There were expressions of dismay at Great Western Hospitals’ monthly board meeting (January 10) over the latest report from the Care Quality Commission (CQC).
For its third report running the CQC has given GWH an overall rating of ‘requires improvement’ – despite the hospital staff’s success in turning round the detailed ratings to ‘good’ from ‘requires improvement’ in nineteen of the inspected areas. This left 46 areas rated ‘good’ out of the 59 inspected last August.
The CQC’s general ratings put the two inspected areas of ‘safe’ and ‘responsive’ as ‘requiring improvement’, with ‘good’ ratings for GWH’s services being ‘effective’, ‘caring’ and ‘well-led’. You can see the full CQC report here.
On specific services the community health services GWH provides in Swindon for children, young people and families were rated ‘outstanding’. Community health inpatient services and services for adults were rated ‘good’.
The hospital’s end of life care was rated ‘good’, but urgent care services were rated ‘requires improvement.’ Some members of the Board were anxious lest this report hit morale among the hospital staff.
GWH is still working with a huge daily increase in demand. With a series of additional measures for the winter period in place, they waited for the rush – mainly for the Emergency Department (ED) – between Christmas and the New Year. It did not materialise. But it certainly did in the first week in January.
In November GWH’s ED four hour waiting percentage was at 90.3 per cent of patients against the national standard of 95 per cent. It is feared it may soon drop to around 84 per cent. So far “January has been very difficult for us”.
The good news from the November figures is that GWH exceeded all the cancer treatment standards – and in two areas were at 100 per cent.
For example, all patients needing a second or subsequent treatment had it within the 31-day wait period. GWH is the seventh best hospital in the country for meeting cancer treatment standards.
Money is still the main difficulty for GWH managers. They have asked for a £5million loan to help with cash flow problems – as they have had to do before. They have to pay interest on these loans.
They have only been allocated £3,750,000 on the grounds that they had just received a top-up payment – which all hospitals get from central funds to keep their acknowledged deficits in check. The Director of Finance said they would have to cope – somehow.
It was the last board meeting for chairman Roger Hill who retires after ten years on the board – five of them as chairman. It was, he pointed out, his 112th board meeting. The new chairman is Liam Coleman who was a non-executive director with GWH between 2009 and 2016.

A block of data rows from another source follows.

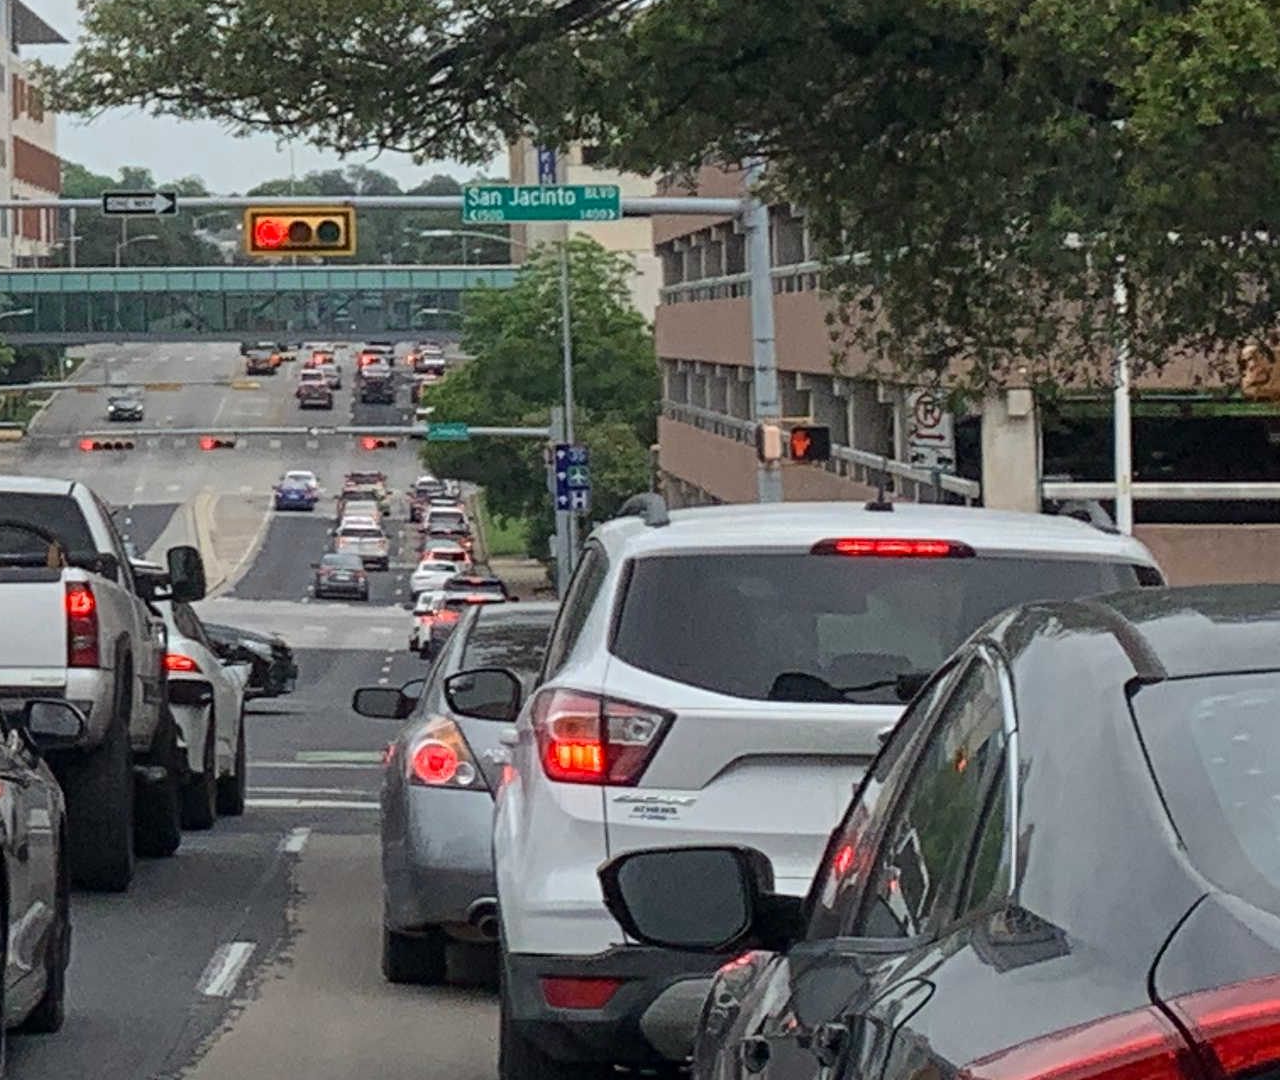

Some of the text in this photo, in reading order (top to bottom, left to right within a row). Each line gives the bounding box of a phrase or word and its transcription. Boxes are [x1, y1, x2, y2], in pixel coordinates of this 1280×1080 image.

[468, 186, 617, 207] San Jacinto BLVD
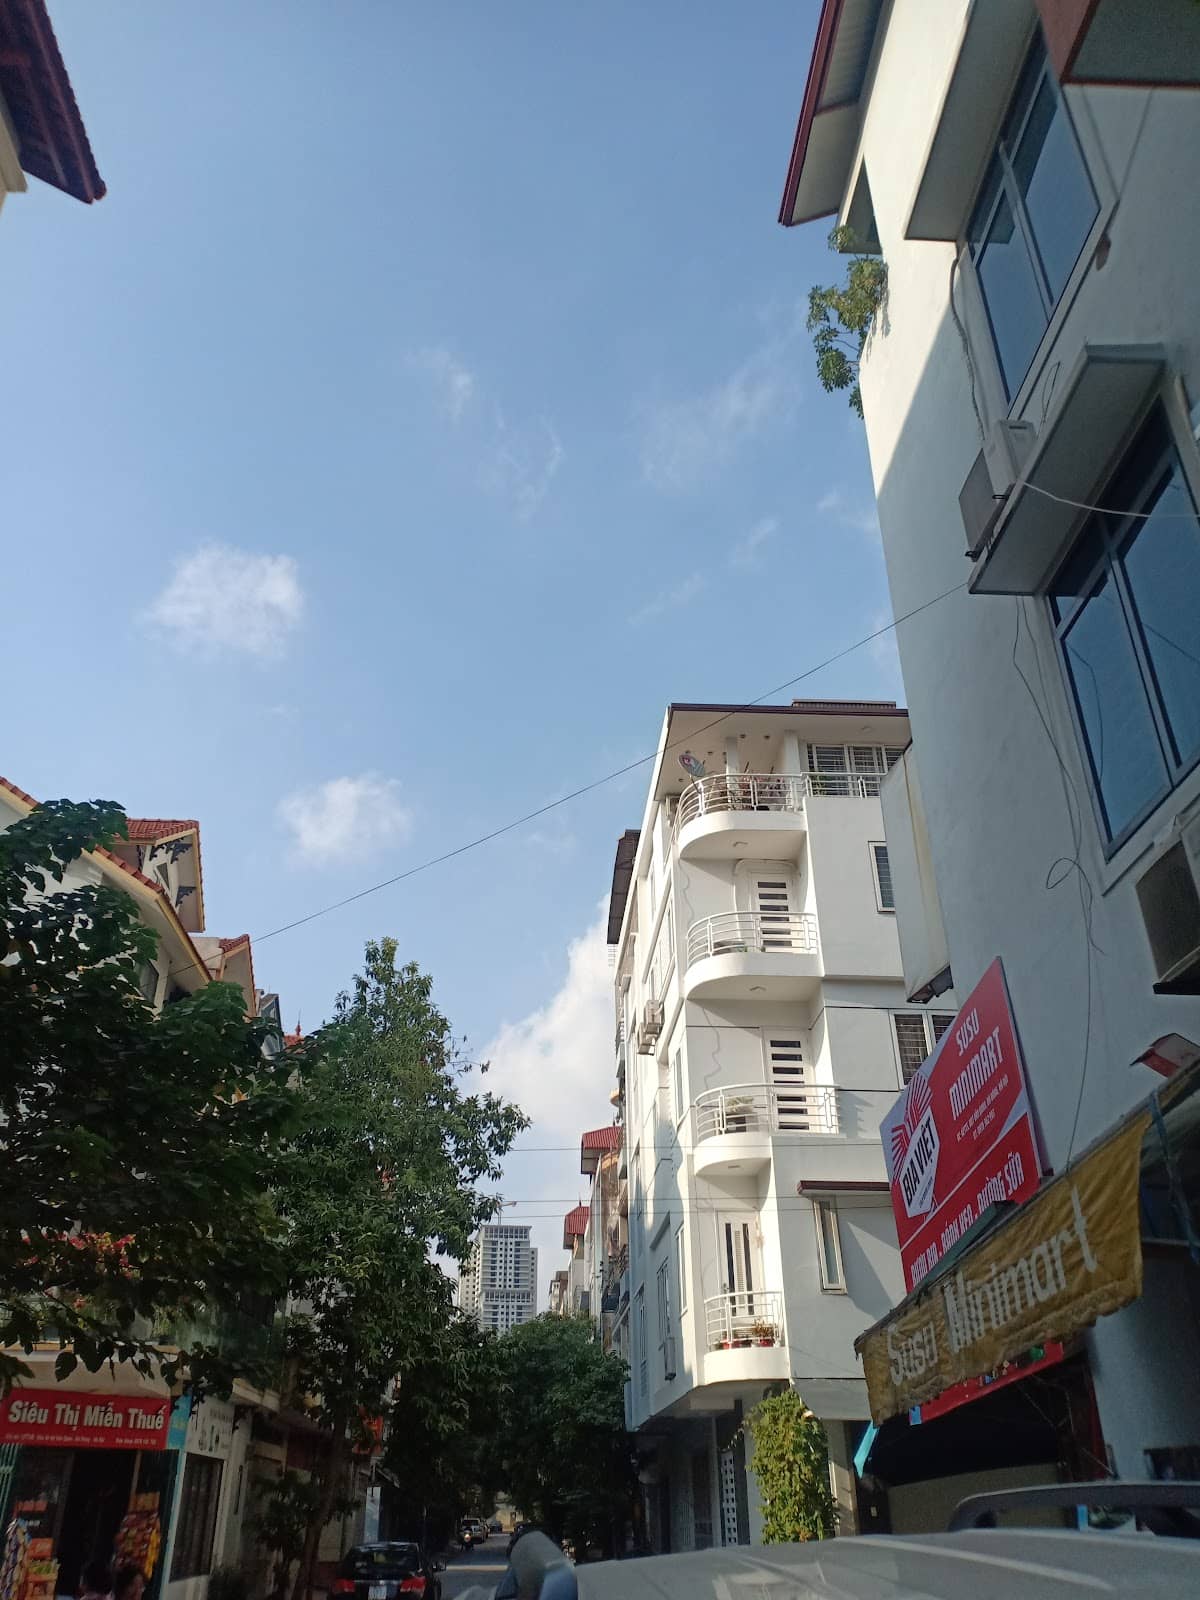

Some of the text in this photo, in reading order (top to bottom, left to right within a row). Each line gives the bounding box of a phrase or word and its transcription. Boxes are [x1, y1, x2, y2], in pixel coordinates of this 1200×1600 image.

[955, 1008, 980, 1057] SUSU
[949, 1026, 1003, 1121] MINIMART
[902, 1158, 920, 1208] BIA
[914, 1116, 936, 1175] VIỆT
[1004, 1151, 1025, 1196] SỮA
[887, 1183, 1098, 1386] Susu Minimart
[8, 1400, 49, 1424] Siêu
[54, 1404, 80, 1430] Thị
[83, 1402, 123, 1428] Miễn
[127, 1405, 167, 1430] Thuế
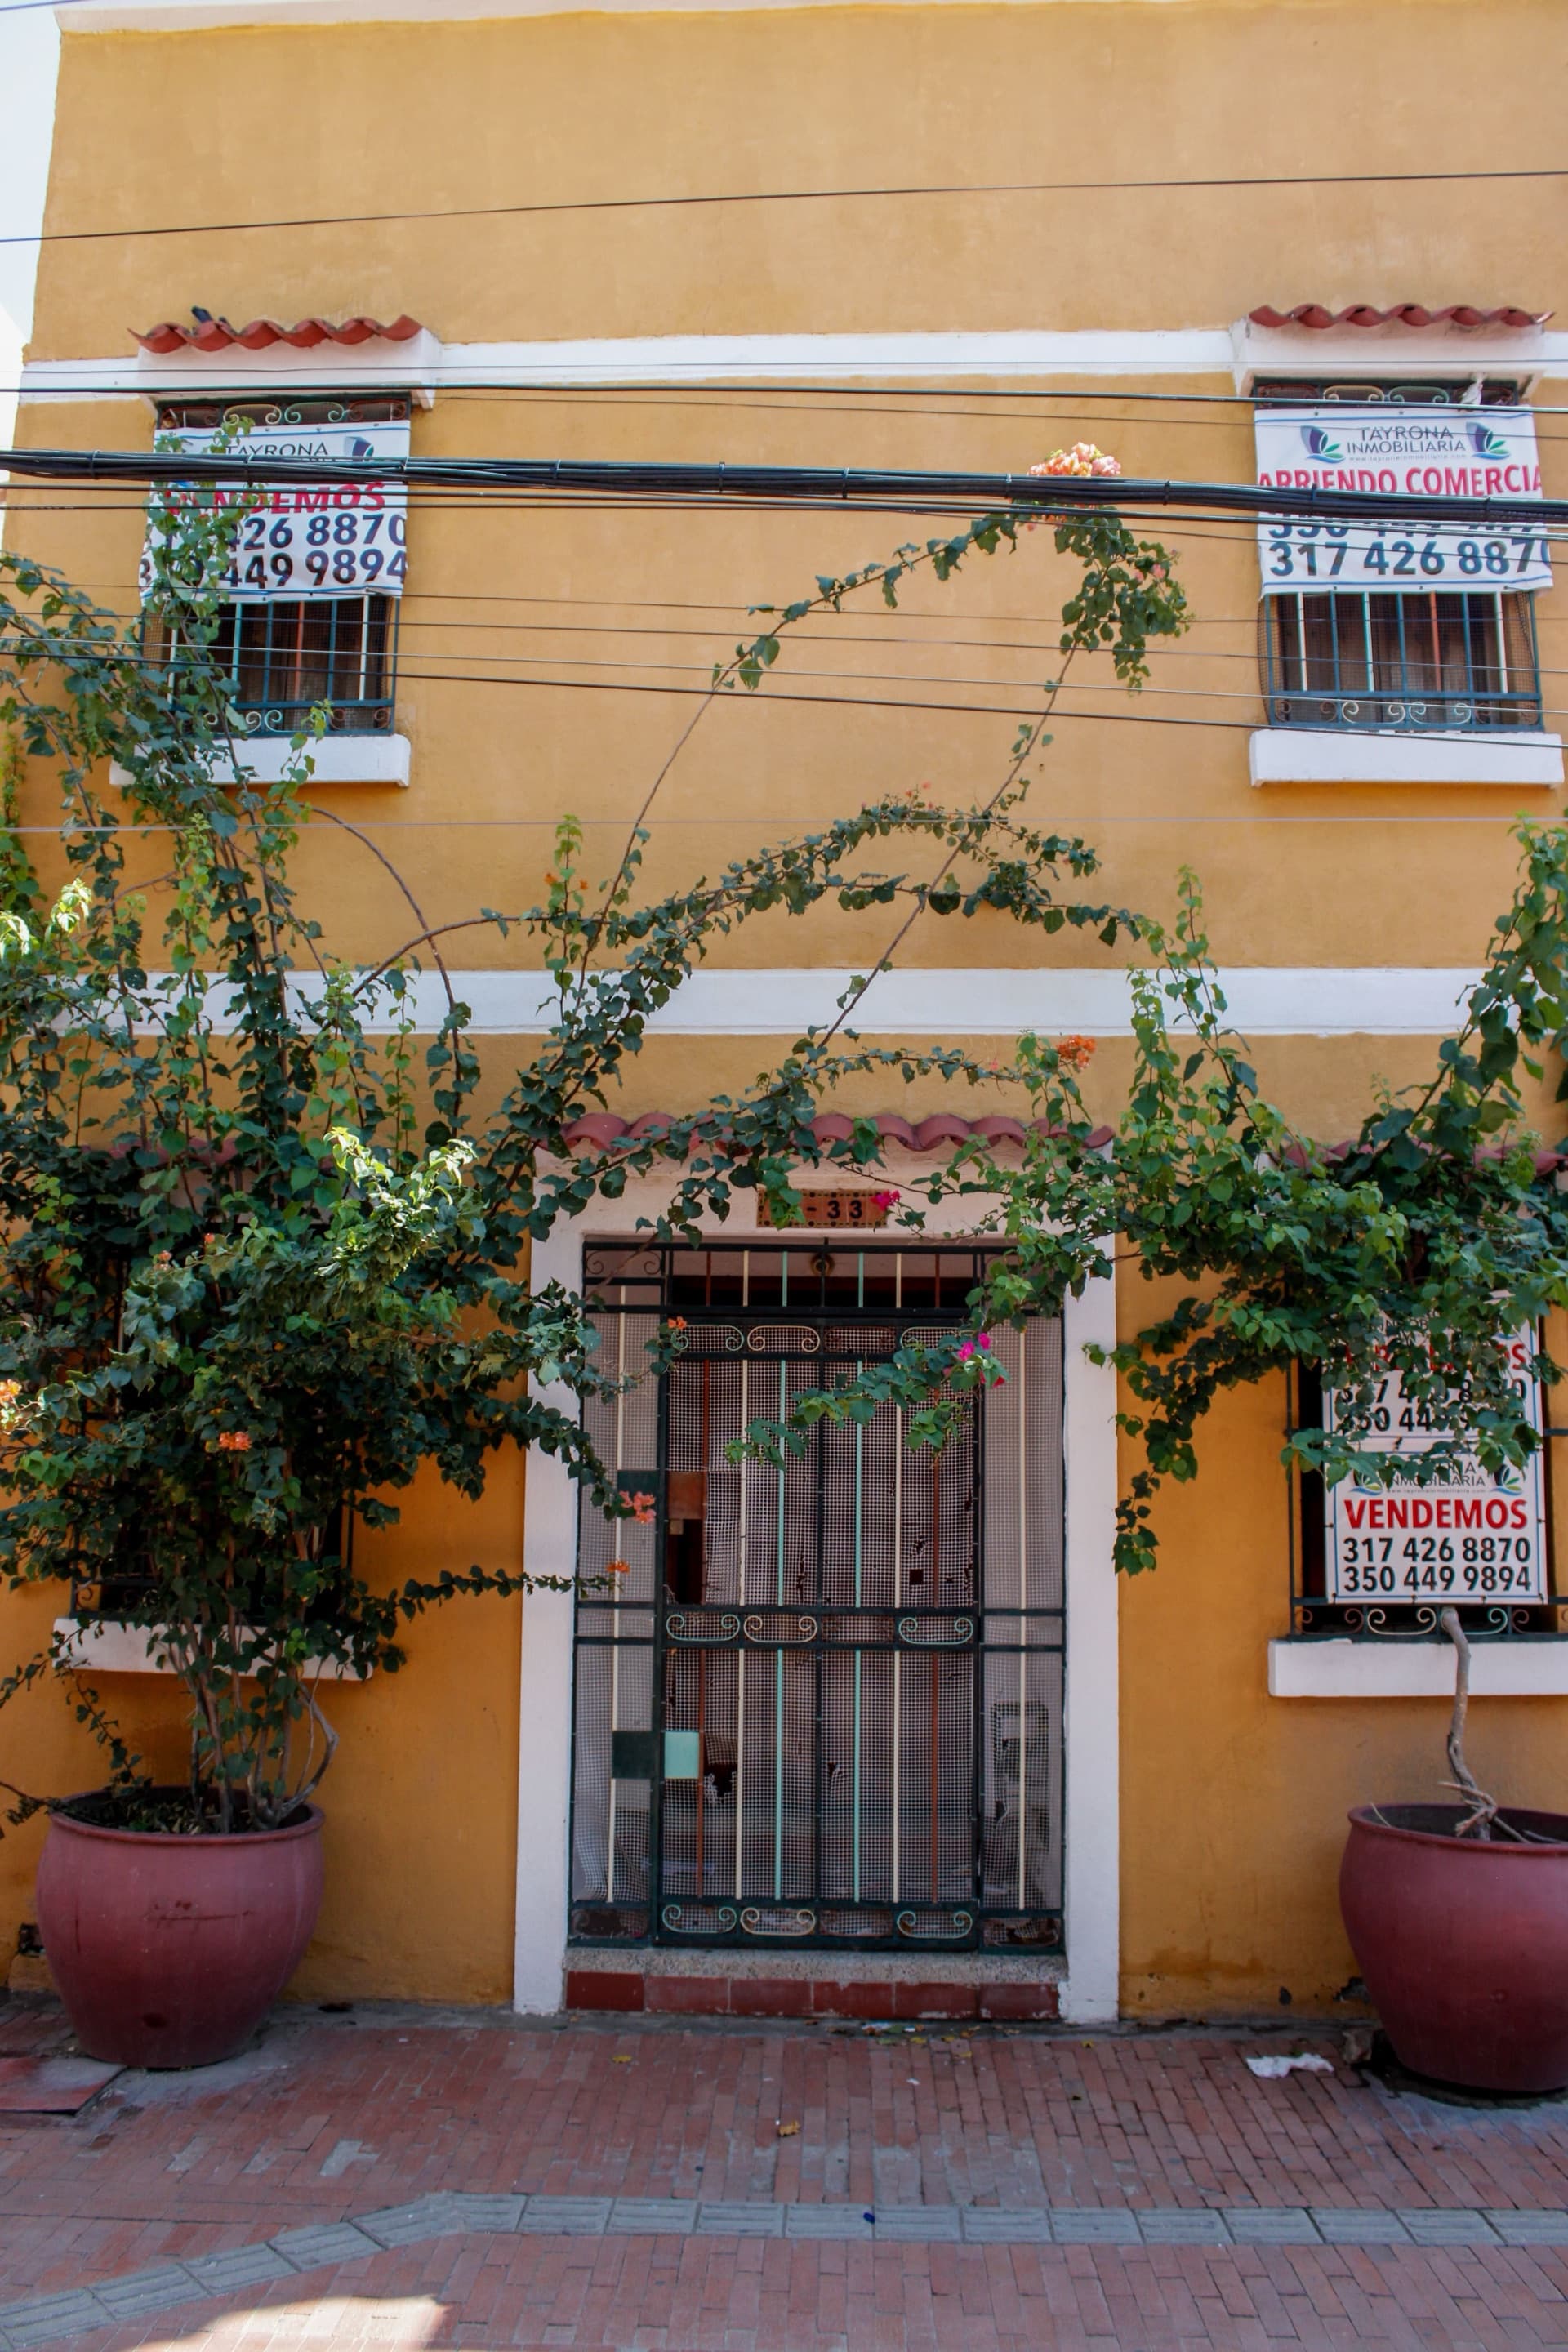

Mr Coleman has had a long career in industry and until recently was CEO of The Co-operative Bank and in 2017 led the successful recapitalisation of the Bank.
PERSONAL FOOTNOTE: GWH is striving for excellence and patient safety in a hospital that is too small for Swindon’s considerable population growth and the ageing population across the whole area it serves.
To listen to the directors at the board meeting and then come home to the first in the BBC2’s new ‘Hospital’ series was a shock.
If the CQC’s rigid ratings find GWH still in need of improvement, why have the CQC not been jumping up and down on heads in Downing Street and across Whitehall to do something about the Royal Liverpool Hospital.
We watched in disbelief as staff there coped with floods and iffy electric supplies and equipment failures and a crumbling structure – on top of all the normal NHS pressures of staff shortages and ever-rising demand. And still providing amazing – if often delayed – treatment and care.
Meanwhile, in the next street the new, replacement hospital has lain unfinished for a year – with millions of pounds worth of new equipment mothballed. All because the builder – the failed Carillion empire – went out of business.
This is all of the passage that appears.